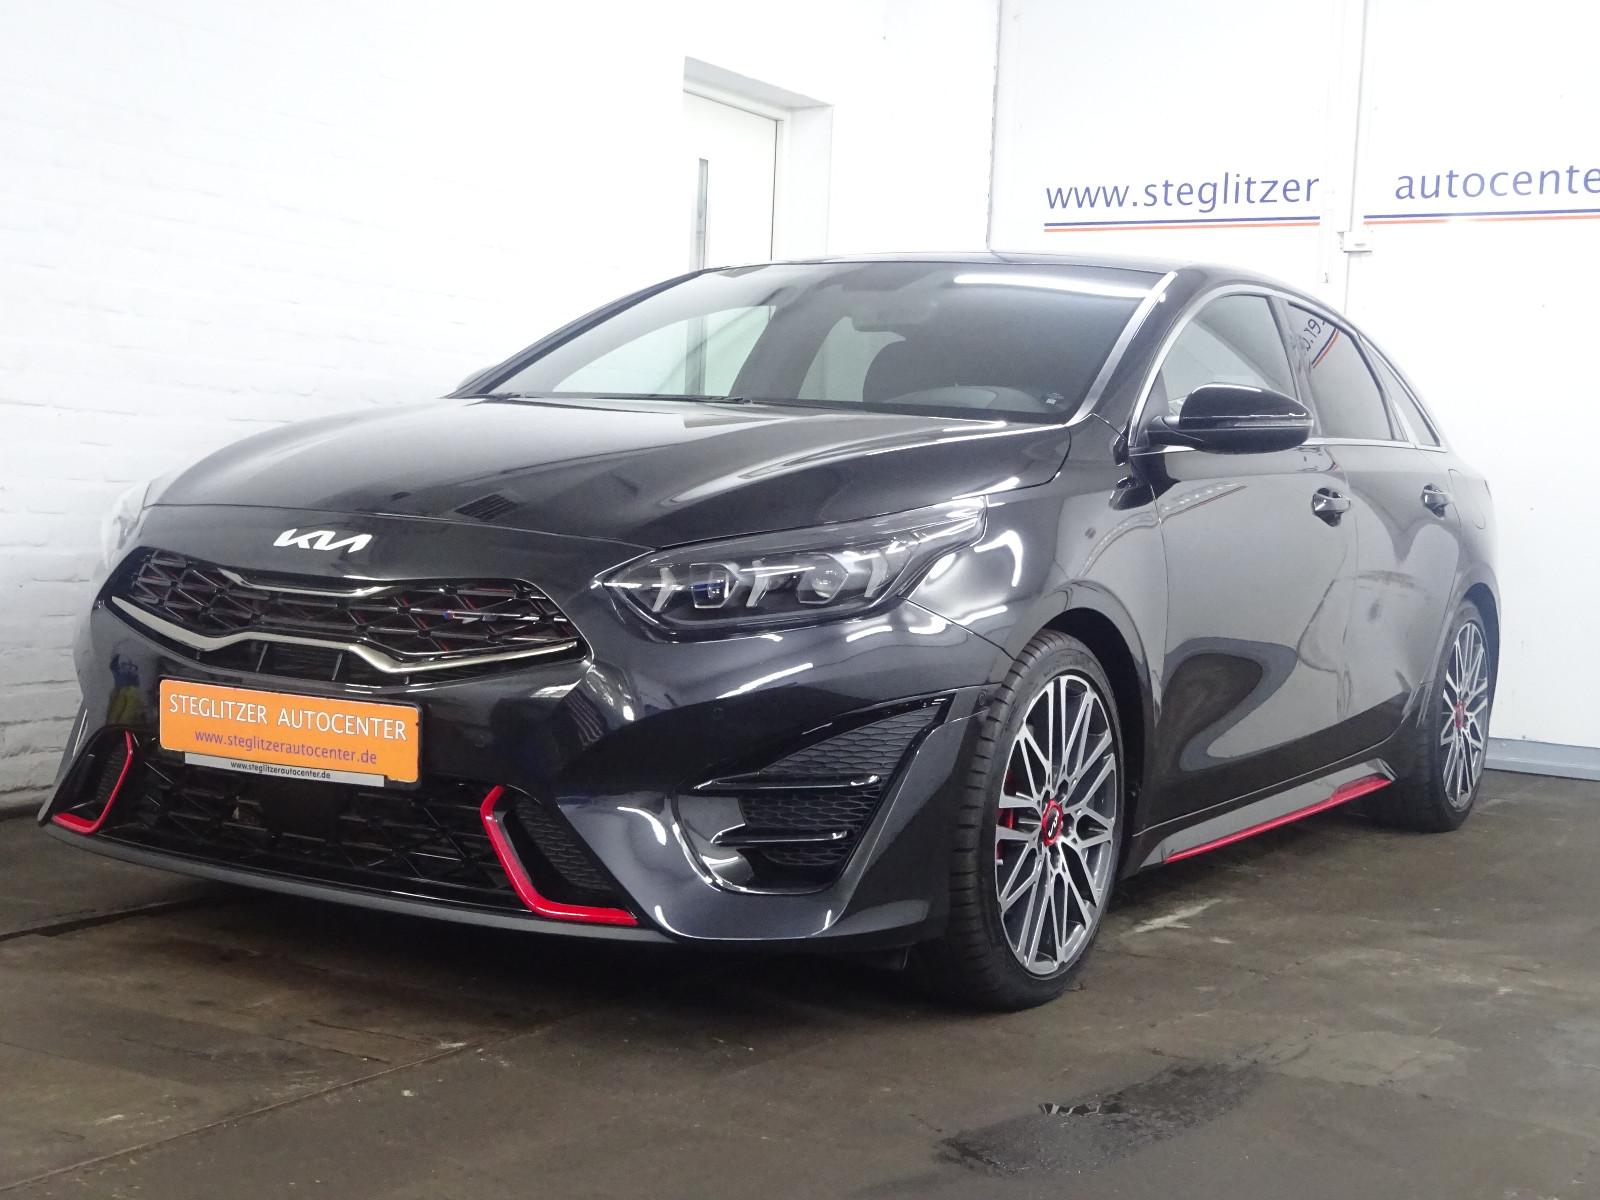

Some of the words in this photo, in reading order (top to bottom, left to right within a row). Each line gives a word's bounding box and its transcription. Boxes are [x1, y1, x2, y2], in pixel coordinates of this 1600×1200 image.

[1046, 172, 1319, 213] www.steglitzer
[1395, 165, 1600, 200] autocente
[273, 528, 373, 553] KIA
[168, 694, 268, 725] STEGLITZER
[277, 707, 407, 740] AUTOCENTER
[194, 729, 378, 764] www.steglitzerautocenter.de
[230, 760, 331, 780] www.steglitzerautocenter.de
* * * * * * * * *
> _WORK ORDER_
An exact copy of the entries, without any pictures, is what the answer should be.

> _COMPLETED EXERCISE_
Some of the words in this photo, in reading order (top to bottom, left to right within a row). Each line gives a word's bounding box and its transcription. Boxes are [x1, y1, x2, y2], in pixel coordinates of this 1600×1200 image.

[1046, 172, 1319, 213] www.steglitzer
[1395, 165, 1600, 200] autocente
[273, 528, 373, 553] KIA
[168, 694, 268, 725] STEGLITZER
[277, 707, 407, 740] AUTOCENTER
[194, 729, 378, 764] www.steglitzerautocenter.de
[230, 760, 331, 780] www.steglitzerautocenter.de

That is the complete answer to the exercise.